— Конечно, конечно! — благодушно ответил профессор. — Тысячи тем же больны, чем вы — поправитесь! Вот мы вам назначим ванны, два раза в неделю, потом…
Мне становилось все противнее смотреть на это веселое, равнодушное лицо, слушать этот тон, каким говорят только с маленькими детьми. Ведь тут целая трагедия: полгода назад мать, случайно вошедши к сестре, вырвала из ее рук морфий, которым она хотела отравиться, чтоб не жить недужным паразитом… И вот этот противный тон, эта развязность, показывающая, как мало дела всем посторонним до этой трагедии.
Сестра стояла молча, и из ее глаз непроизвольно текли крупные слезы; гордая, она досадовала, что не может их удержать, и они капали еще чаще. Ее большое горе было опошлено и измельчено, таких, как она, — тысячи, и ничего в ее горе нет ни для кого ужасного… А она так ждала его совета, так надеялась!
— Ну, во-от!.. Ну, это, барышня, уж совсем нехорошо! — воскликнул профессор, увидев ее слезы. — Ай-ай-ай, какой срам! Плакать, а!.. Полноте, полноте!..
И опять все в его тоне говорило, что профессор каждый день видит десятки таких плачущих, и что для него эти слезы — просто капли соленой воды, выделяемые из слезных железок расшатанными нервами.
Мы молча вышли, молча сели на извозчика. Сестра наклонилась, прижала к губам муфту — и вдруг разрыдалась, злобно давя рыдания и все-таки не в силах их сдержать.

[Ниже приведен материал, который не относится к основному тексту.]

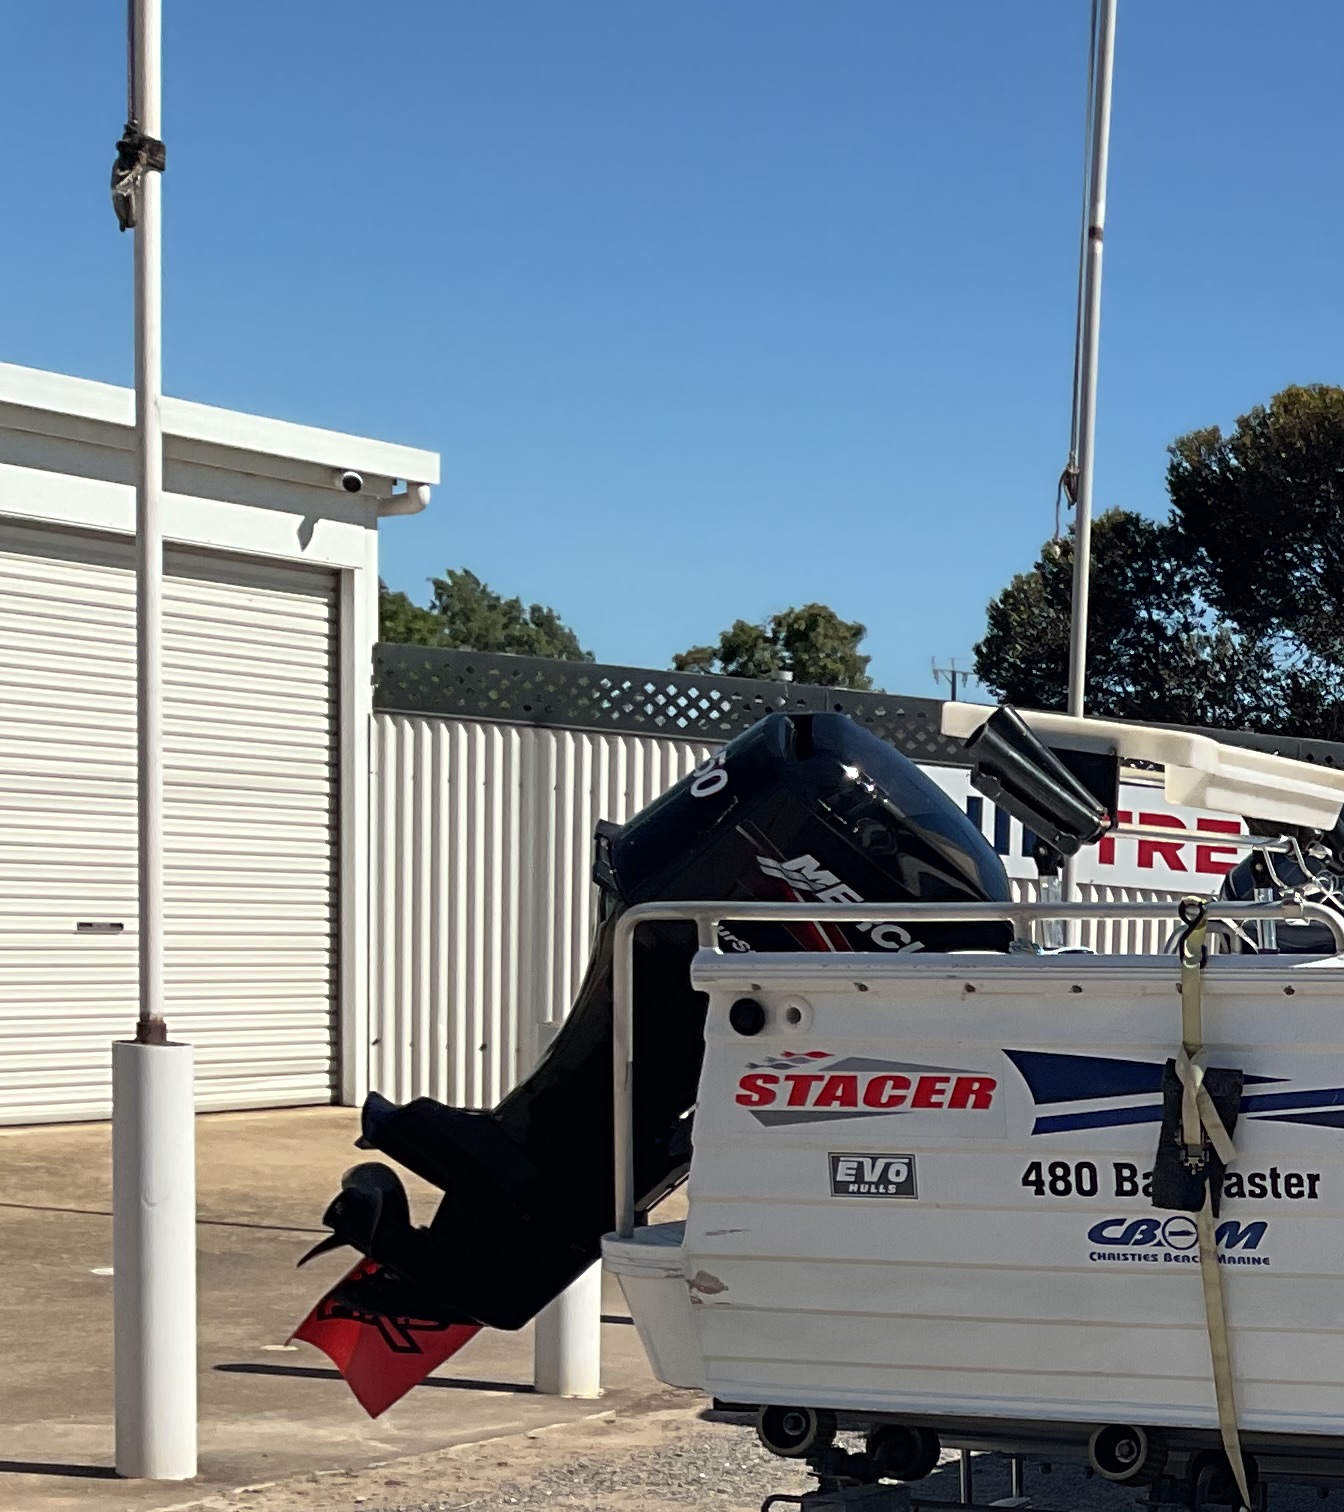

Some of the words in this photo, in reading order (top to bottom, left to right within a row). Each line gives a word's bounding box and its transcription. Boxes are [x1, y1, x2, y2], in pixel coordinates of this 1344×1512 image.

— Не стану я принимать его глупых лекарств! — воскликнула она и, выхватив рецепт, разорвала его в клочки. Я не протестовал; у меня в душе было то же чувство, и всякая вера пропала в лечение, назначенное этим равнодушным, самодовольным человеком, которому так мало дела до чужого горя.

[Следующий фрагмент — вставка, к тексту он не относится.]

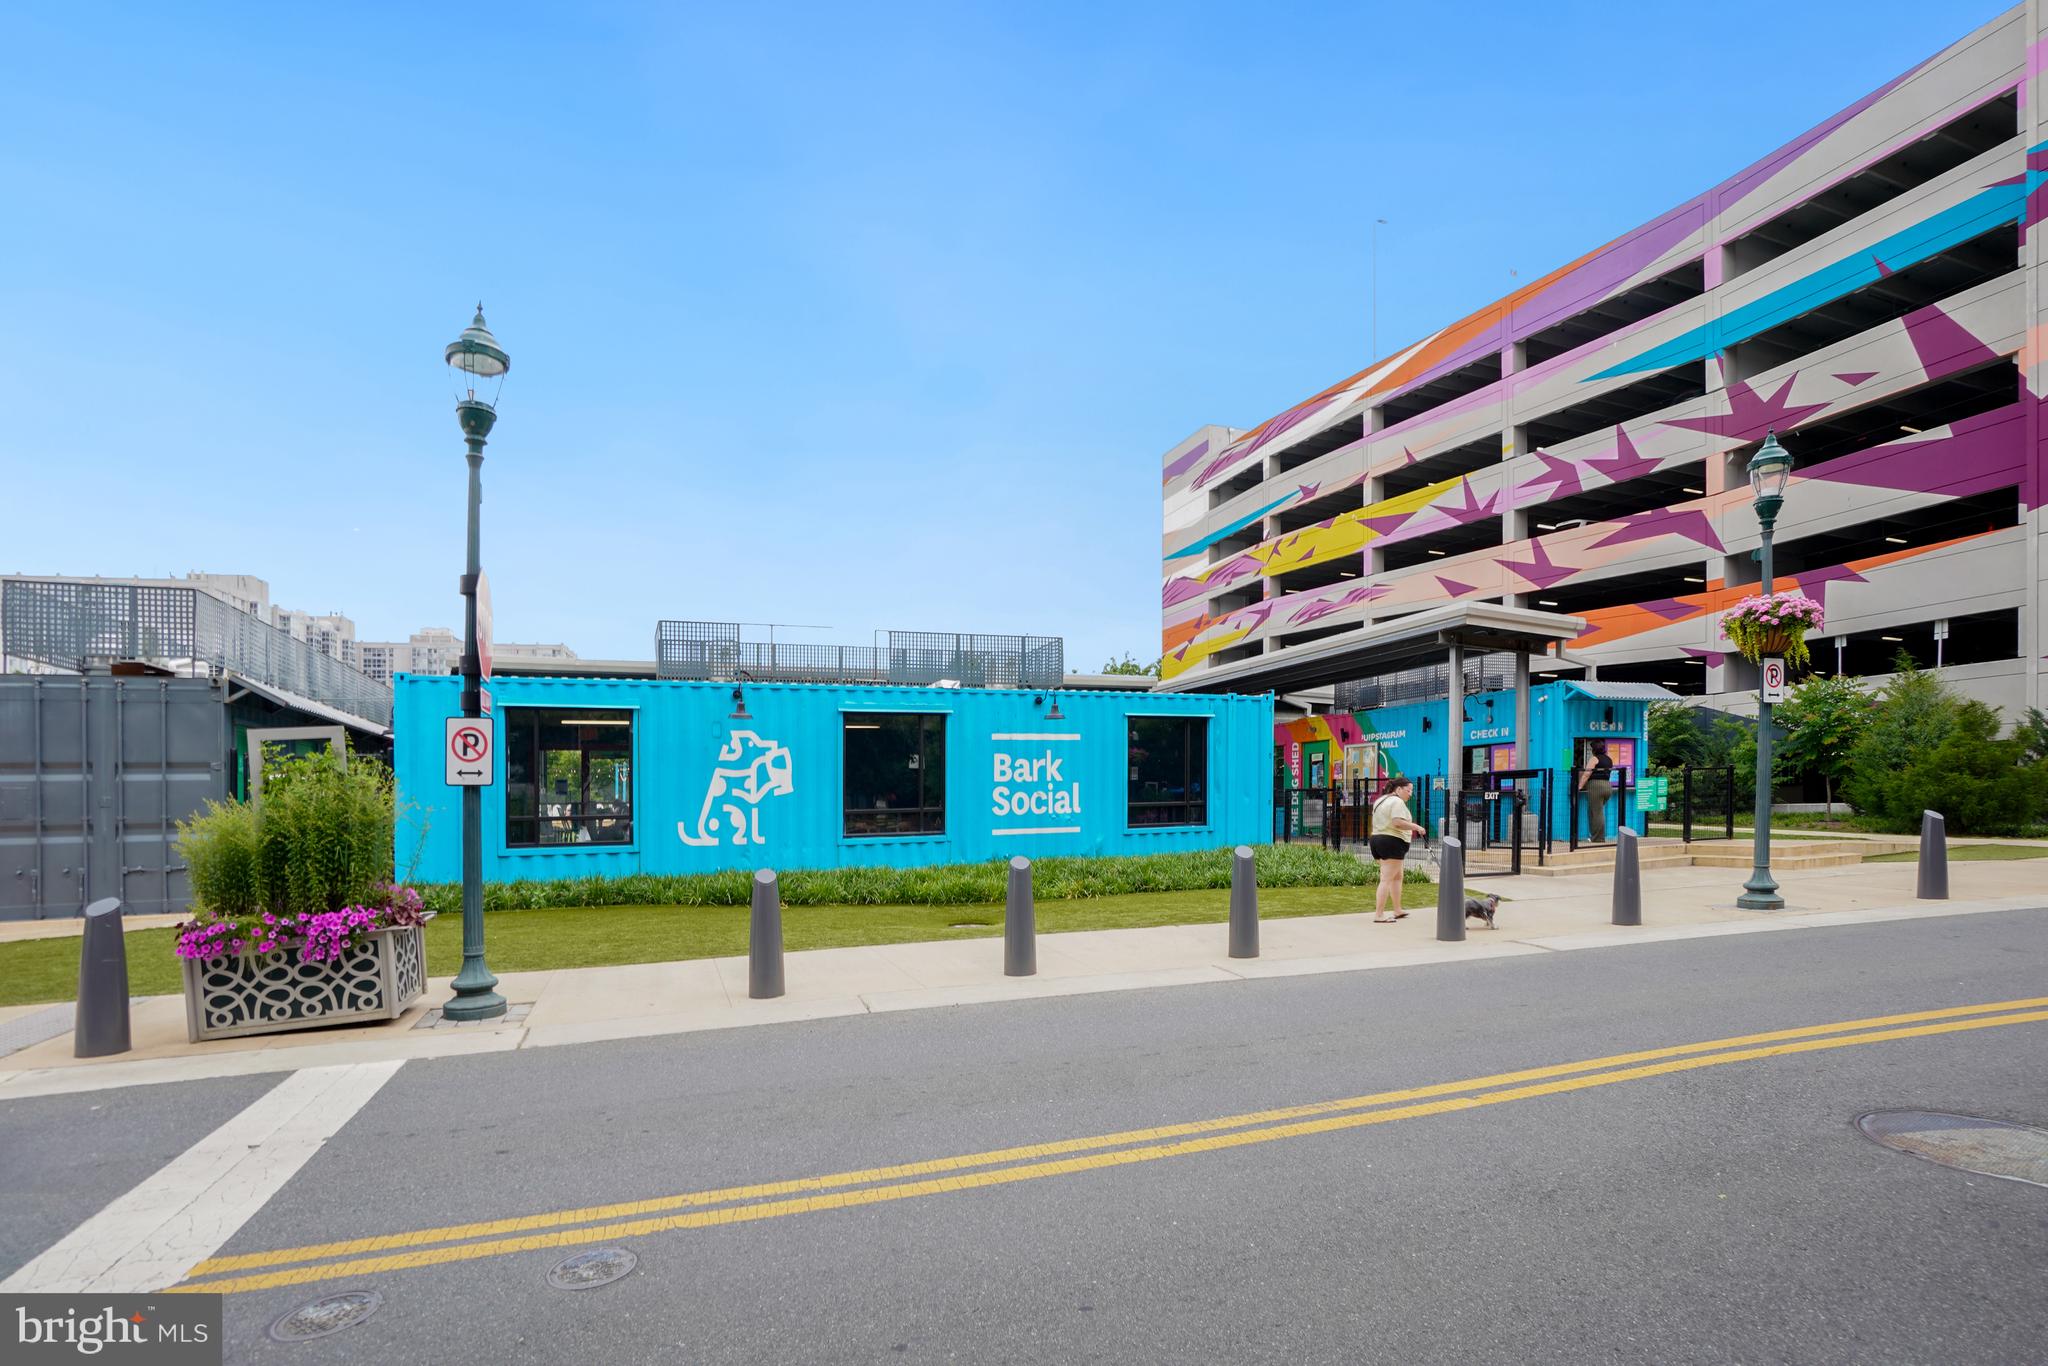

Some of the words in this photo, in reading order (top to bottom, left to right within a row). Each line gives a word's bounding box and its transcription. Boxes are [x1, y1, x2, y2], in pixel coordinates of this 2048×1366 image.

[1470, 728, 1499, 740] CHECK
[1501, 727, 1509, 737] IN
[993, 749, 1064, 782] Bark
[1291, 742, 1299, 777] SHED
[992, 782, 1081, 816] Social
[1484, 792, 1499, 800] EXIT
[1291, 807, 1299, 833] THE
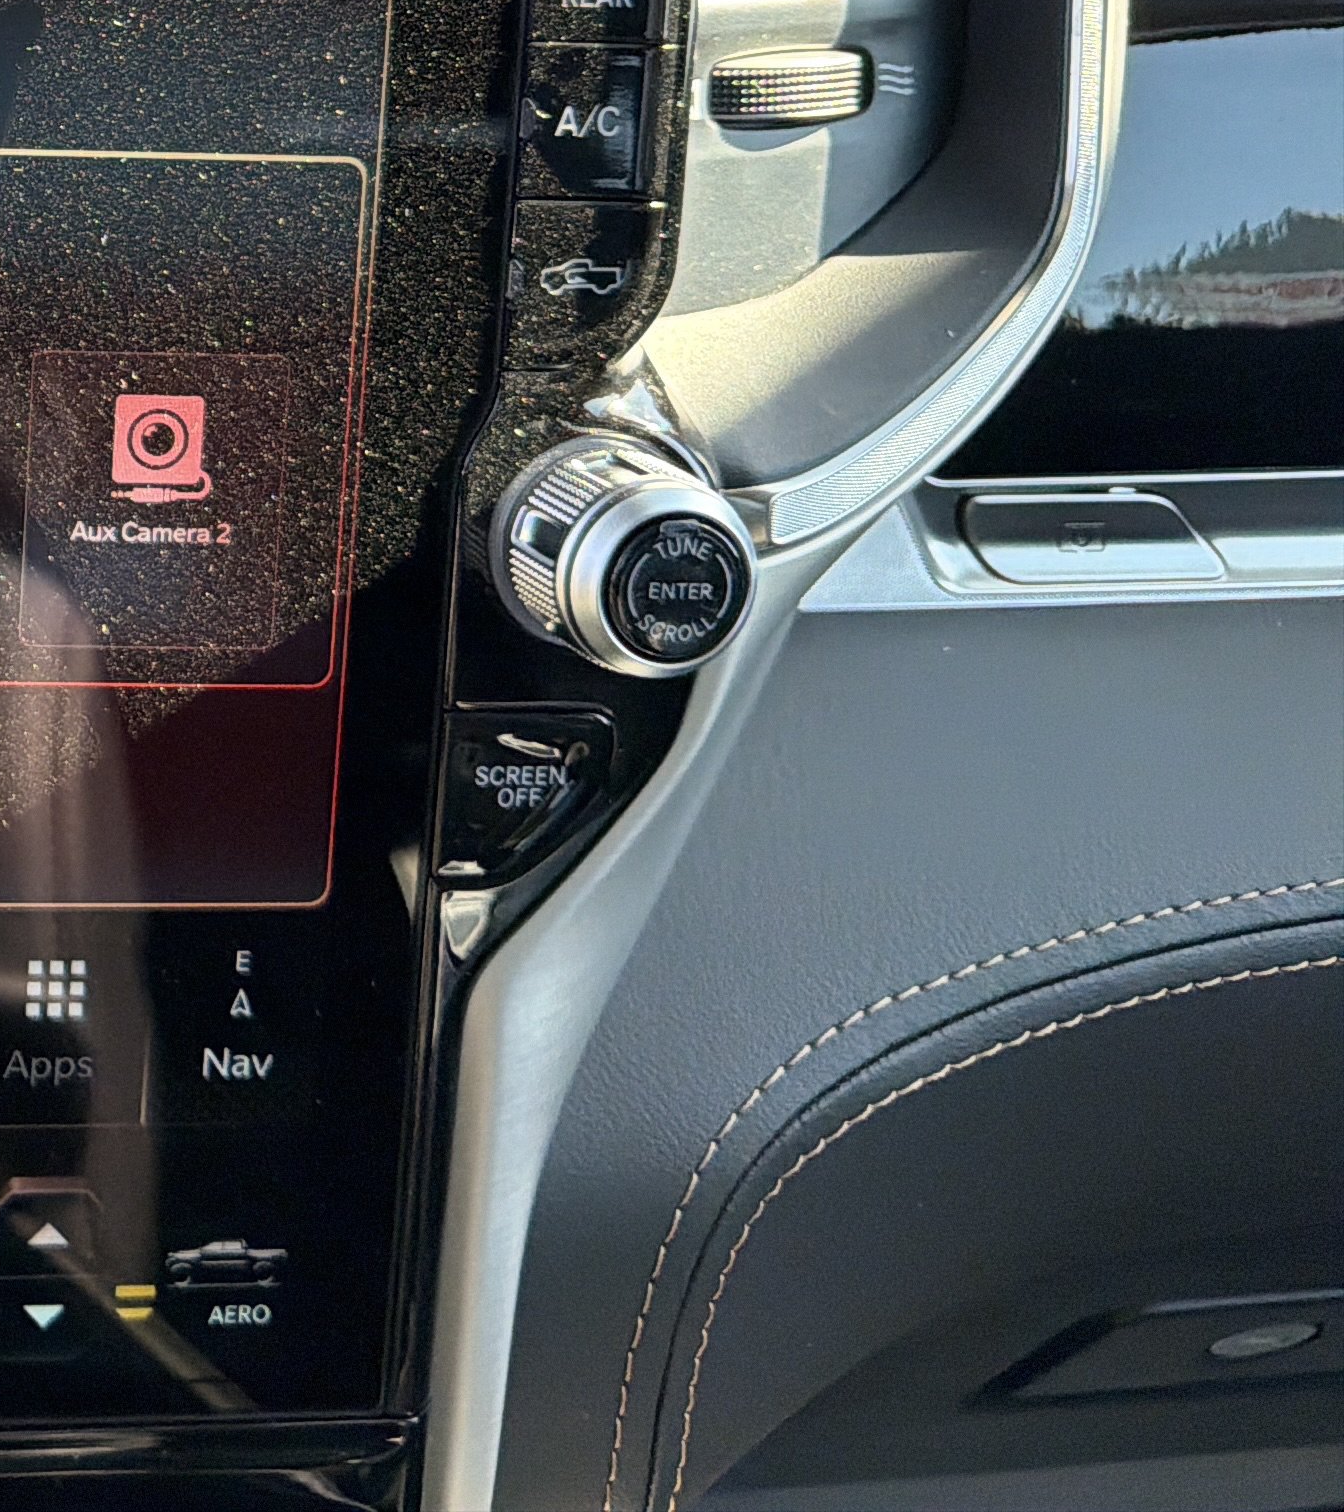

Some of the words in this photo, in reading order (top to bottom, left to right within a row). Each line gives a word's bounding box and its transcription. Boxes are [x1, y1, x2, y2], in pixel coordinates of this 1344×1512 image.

А вечером в тот же день я думал: где же найти границу, при которой могли бы жить и врач, и больной, и сумею ли я сам всегда удержаться на этой границе?…
Как-то ночью ко мне в квартиру раздался сильный звонок. Горничная сообщила мне, что зовут к больному. В передней стоял высокий угреватый молодой человек в фуражке почтового чиновника.,
— Пожалуйста, доктор, нельзя ли поскорее посетить больную! — взволнованно заговорил он. — Дама одна умирает… Тут недалеко, сейчас за углом…
Я оделся, и мы пошли с ним.
— Что случилось с вашею больною? Давно она больна? — спросил я своего спутника.
Он с недоумением пожал плечами.
— Прямо не понимаю!.. Что такое, господи!.. Она — жена моего товарищу; я у них живу в нахлебниках… Вечером приехала с мужем из гостей, шутила, смеялась. А сейчас муж будит меня, говорит: помирает; послал за вами… Отчего это случилось, положительно не могу определить!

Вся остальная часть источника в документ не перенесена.